The only thing that I hope to see improve as I read on are the reduction of infodumps, (although background info is most certainly necessary), and more depth in the main character. But I'm sure we'll know much more about him as we read on.
Great job, this has all the innerworkings of a great sci-fi story. Keep it up.
| Morohtar chapter 5 . 1/28/2009
Hey, it's back! And it's awesome!
I really like this - and I don't know how you could be afraid of "treading on my toes" when your story takes place AFTER mine and the stuff which happens after this hasn't been written! If anything, it would be me treading on yours!
Anyway, as I said, this is great. A tightly-written council scene - which all Arthurian legends need. I really like the character of Sir Charles - a nice contrast to Jane, and a good example of the traditional "rot inside the Table" that is found in the classic Arthur tale.
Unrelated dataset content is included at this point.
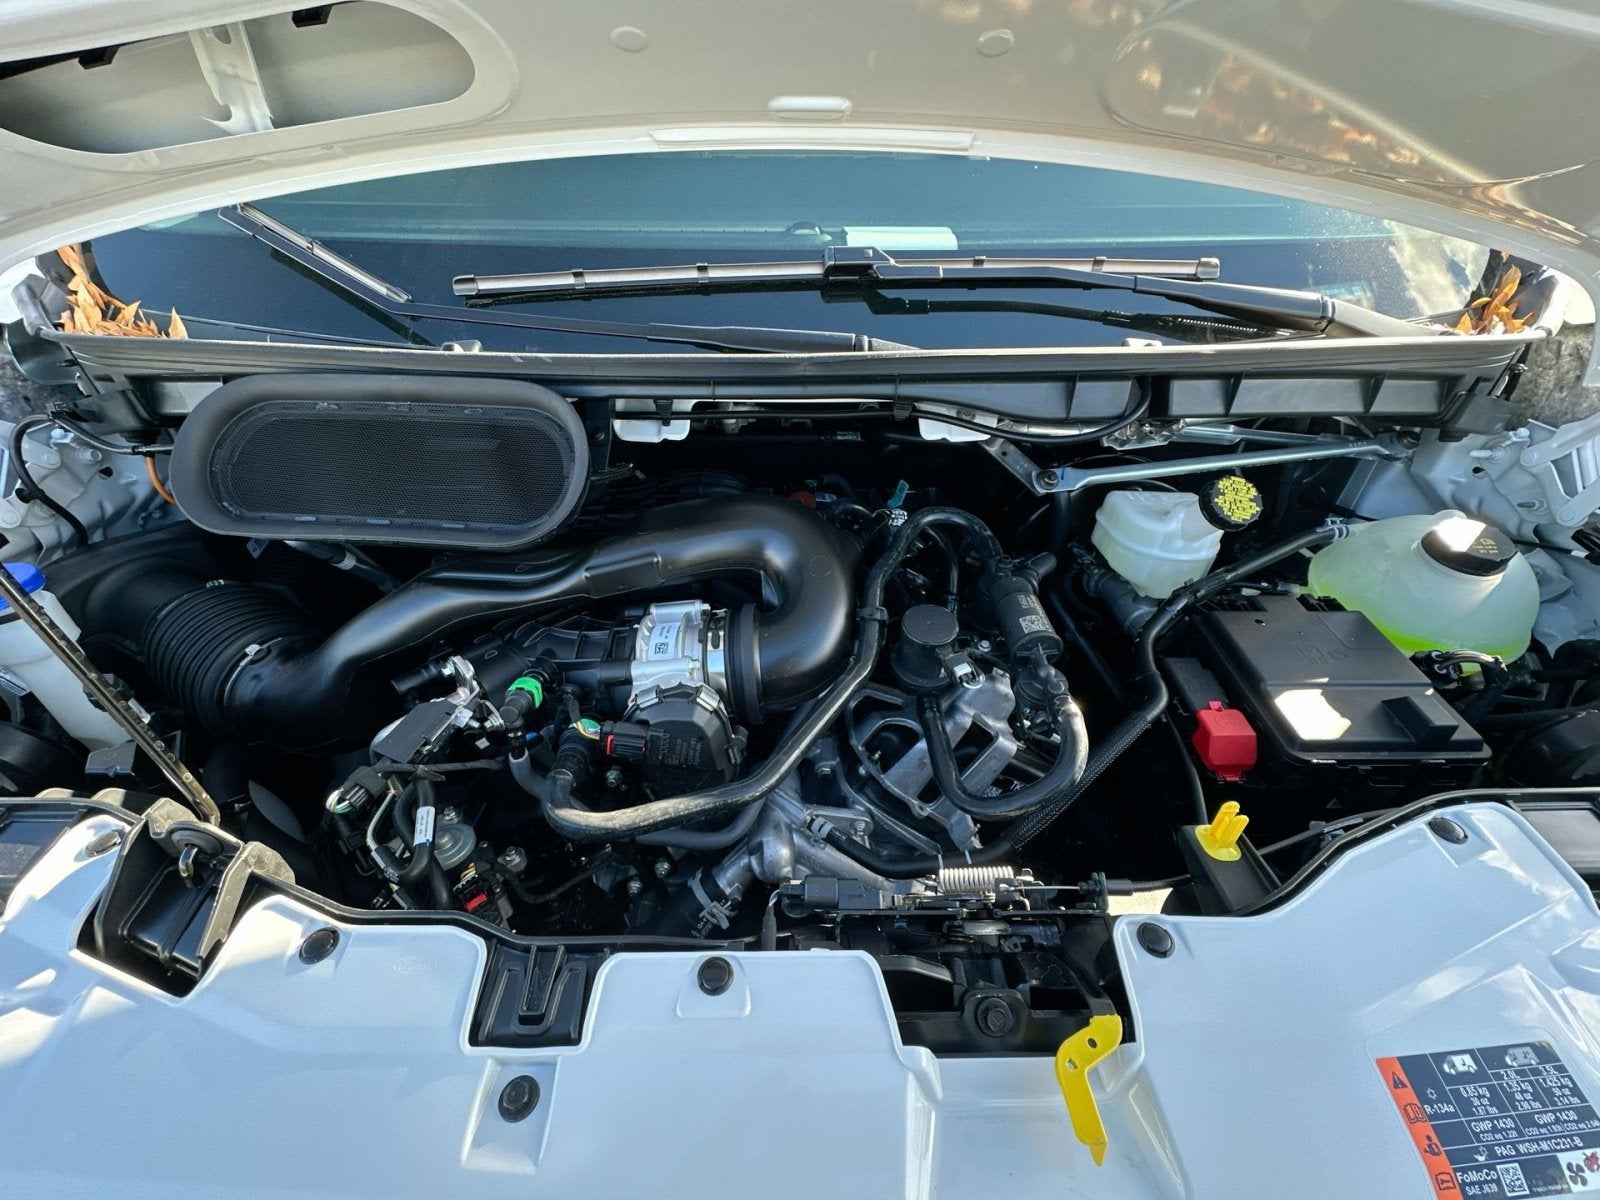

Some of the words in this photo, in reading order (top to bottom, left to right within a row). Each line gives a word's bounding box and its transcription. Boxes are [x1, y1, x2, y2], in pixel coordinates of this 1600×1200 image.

I really love the characterization of Jane and Vladimir in this - I've never really written Vladimir with friends before (Dominik is a father figure, Cleopatra is a protected neice and so forth) and it's good to see what he is like with them. I get the impression that Jane and he could have quite happilly married and settled down and had children and even loved - but that there is no magic there. I think that their friendship in the Balkans (which we never see, of course) was probably NOT marked by any sort of "relationship" - as they both simply accepted that it would be good, but never perfect. Vlad was waiting for Monica and Jane was waiting for the Norwegian.
Great chapter - I want MOAR! moar plz? plzkthnxbi
Pay it forward :)
| 12345no chapter 2 . 1/21/2009
I keep scrapping what I've written for this review, because it kept coming off as bad. All I can do here is speak as a reader and not as a professional in any form.
The main thing I didn't like about this was all these info dumps. It's a lot of information for me to keep track of, and you lay it on in big paragraphs of text.
It's also very dry to read and a tad boring. I haven't actually seen you do this in any of the other pieces of yours that I've read. They feel a lot more fluid, I guess.
In my opinion, it always seems better to drip feed all that information over time. Even if it seems like you're losing some clarity, I find it more interesting to read.
Sorry if this is a bit vague. I dislike critiquing writing, because it has always felt kind of subjective to me. Not like a picture where you can spot an anatomy error and see that it is wrong.
I hope this is of some use to you, anyway. You're always welcome to critique some of my work if any of it ever interests you. Link is in my profile. No worries if you don't want to, though.
I'll probably read some more of your work at some point, but I won't be reviewing unless there's something I've spotted.
| Written chapter 2 . 10/29/2008
hello! back again, I suppose.
LOVE the beginning about the lady jane gray. you give her a fascinating backstory and your description of battle scenes reminds me of... enders game.
okay, ridiculous comparison, but still. I think you write very clearly, and that's one thing that made an impression on me. with OSC's writing, I mean. the battle scenes were quite clear. I dont actively spend my days thinking about battles, so I like it when I can understand them in fiction. sometimes I just feel... too... uneducated to get it.
[Know him? The man was famous! He'd designed mechs for princes, kings, emperors! His Imperial Highness the Czar of all Russias only commanded from Mechs built by William Lisbon.]
he sounds like a fashion designer!
I sound like a ditz in this review, dont I... sigh.
i adore the way you really write the setting in naturally, if that makes sense. take care!
| Written chapter 1 . 10/29/2008
great start. love the feel of the... I don't know, futuristing but still retro england, I guess. it feels a little steampunk inspired at times, only not really at all.